Tuesday, 19 July 2022

Hajjah - late November

 Saturday 18 November

One of my 2nd-year pupils, Muhammad Hussein Sharaf al-Din insisted that I have lunch at his house - he is actually one of the brightest of my pupils.  His father is dead, so his brother, aged 15, is head of the household.  We had bread - cooked by his mother, delicious - and hilbah (green and slightly slimy, but very nice), and a little meat.  

On Sunday another of my pupils, Mohammed Adbullah al-Madani, the first Mohammed's best friend, invited me to lunch.  Mohammed Sharaf al-Din came along.  The al-Madanis are obviously quite well off, and they had lots of meat.  Mohammed S's father died a year ago of cancer, so they are rather poor.
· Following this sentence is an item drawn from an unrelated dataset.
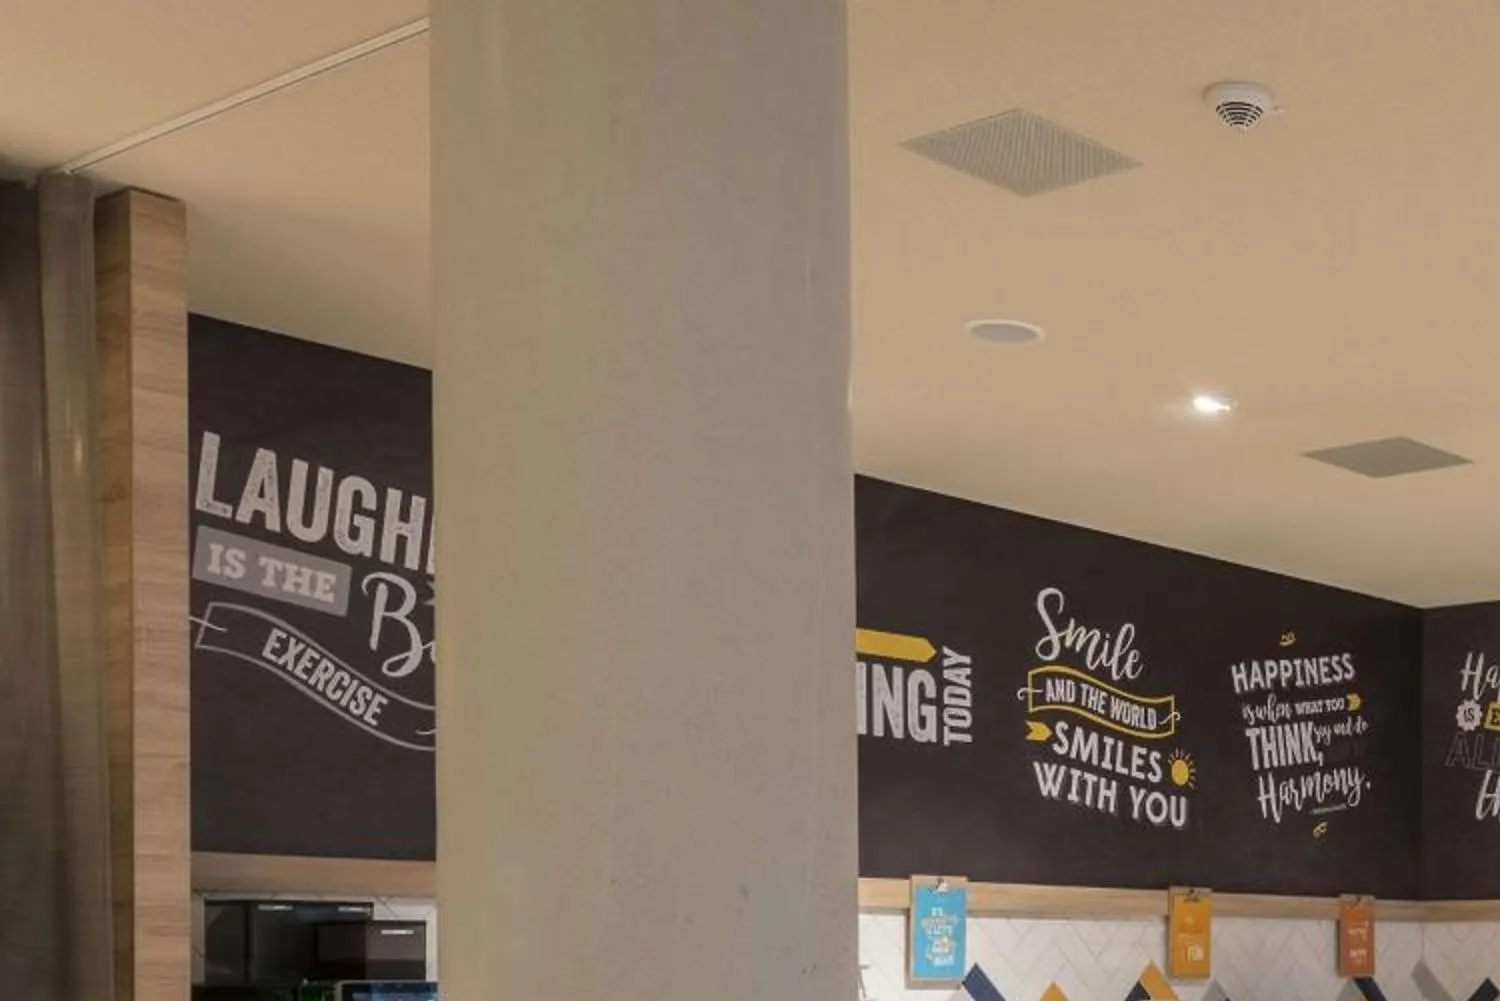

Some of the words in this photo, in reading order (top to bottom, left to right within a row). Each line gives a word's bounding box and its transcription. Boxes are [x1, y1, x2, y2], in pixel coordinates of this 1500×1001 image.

Mohammed al-Madani's father earns 300YR per month and is something in the administration.  He had to leave because the governor, Mujahid Abu Shawarib, has come back at last.  The house that the al-Madanis live in is quite large, relatively speaking, and costs 15YR a month, which seems quite a bargain to me.

After lunch Mohammed Ali al-'Urbah (another 2nd year Mohammed) came round, and also a Yahya.  However he was soon followed by a first-year Yahya, so once again I became unique.

One of the palace staff came to tell me that the Egyptians were calling on Mujahid, and so I went across to join them.  The governor is here for two days, but will then need to go back to Sanaa.

On Wednesday 22nd I went up to Dhahrain to call on the nurses and had a cup of coffee and a chat.  They were glad to see me - a whole group of local women showed up shortly after I did, but wouldn't stay because there was a male loose in the house.  They had only really come to check up that the nurses' house was not a house of ill repute - once they had peeped at me sitting drinking coffee from behind a cupboard they didn't really want to stay anyway.  From my point of view it's rather difficult to escape from people's hospitality.  One advantage of calling on the nurses is that I can at least leave when I want, and I can help to keep scores of Yemeni women away, wo would otherwise come and "chat" all afternoon - and, apparently make things disappear - bandages, a tea strainer, biscuits, some rat-poison for example  (the woman they suspect of having removed the rat poison hasn't been seen for some time, which is a worry).

Friday 24 November 1972

Dr Walker arrived with some post from Sanaa.  I'm still wondering where my other suitcase has got to.

I took a walk to a place called al-Qutab.  I was surprised to find that the women dress quite differently from here.  Here they have black trousers under a long sort of skirt, but in Al Qutab they wear a sort of trousers, baggy down to the knees with embroidered gaiters of a sort between the knees and their feet - they are unveiled.

Monday 27th

Lunch today started with jehin bread and cheese.  Jehin is made of millet and is a brown, circular flat bread  about 9" in diameter.  Delicious.  Later went up to the fort - called al-Qahirah - and took some good photos looking down on Hajjah.

You never know when you will need a niddle.